Les investisseurs anticipent unetrondemande malgré la faiblesse de la roupie.
Les analystes estiment qu'une obligation libellée en roupies émise par la banque des BRICStracprobablement l'attention des investisseurs qui cherchent à se tenir à l'écart des actifs liés aux États-Unis.
S'exprimant sur le sujet, Vivek Rajpal, stratège Asie chez JB Drax Honore, a déclaré : « Cette question suscitera l'intérêt d'un segment d'investisseurs, en particulier ceux qui se concentrent sur les marchés émergents et qui s'intéressent à la tendance à la dédollarisation. »
Vivek a également indiqué que cette obligation pourrait contribuer aux efforts de l'Inde pour internationaliser la roupie, un objectif que le gouvernement poursuit discrètement. Malgré la chute de la roupie à des niveaux records cette année, principalement due aux pressions commerciales et tarifaires de l'administration Trump, il a affirmé que cela ne dissuaderait pas les investisseurs.
« La récente faiblesse de la roupie indienne, qui a chuté à un niveau record sous la pression des politiques commerciales et tarifaires américaines, ne constituera pas un obstacle majeur pour les investisseurs », a-t-il expliqué.

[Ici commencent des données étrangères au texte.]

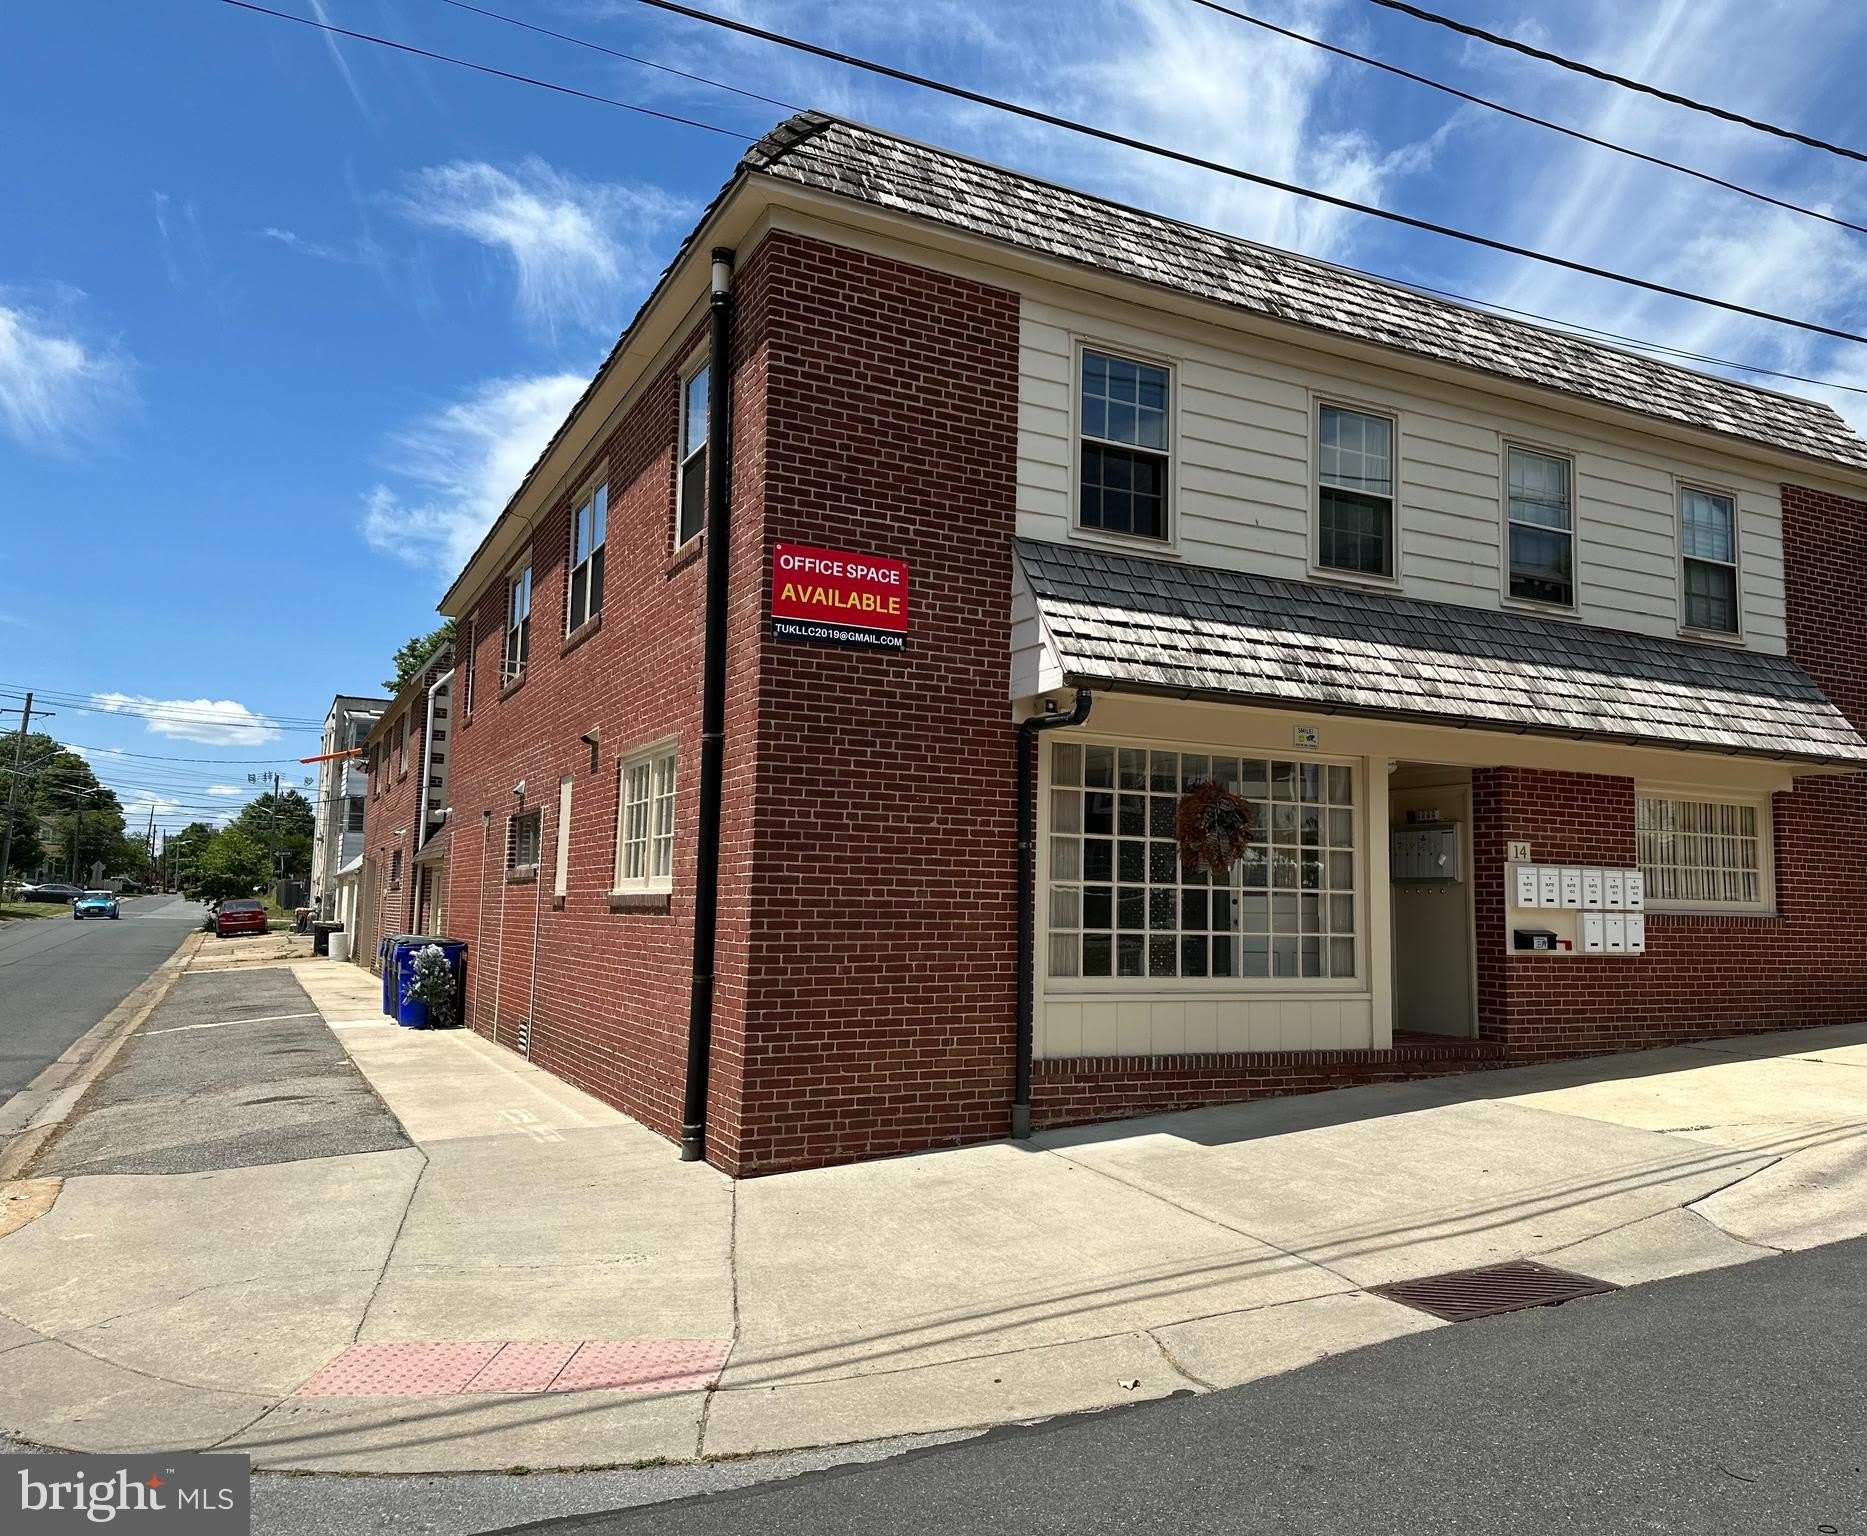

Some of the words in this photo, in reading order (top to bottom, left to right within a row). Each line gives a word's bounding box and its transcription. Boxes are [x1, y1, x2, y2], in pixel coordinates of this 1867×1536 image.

Des organismes multilatéraux de prêt comme la Société financière internationale, qui fait partie de la Banque mondiale, ont déjà testé avec succès les marchés de la roupie offshore et onshore.
Une personne proche du dossier aurait déclaré que l'émission sur le marché local indien permettrait non seulement d'accroître la liquidité du marché obligataire, mais aussi de faciliter la formation des prix, étant donné que le marché intérieur est plus profond et offre un meilleur accès aux investisseurs locaux.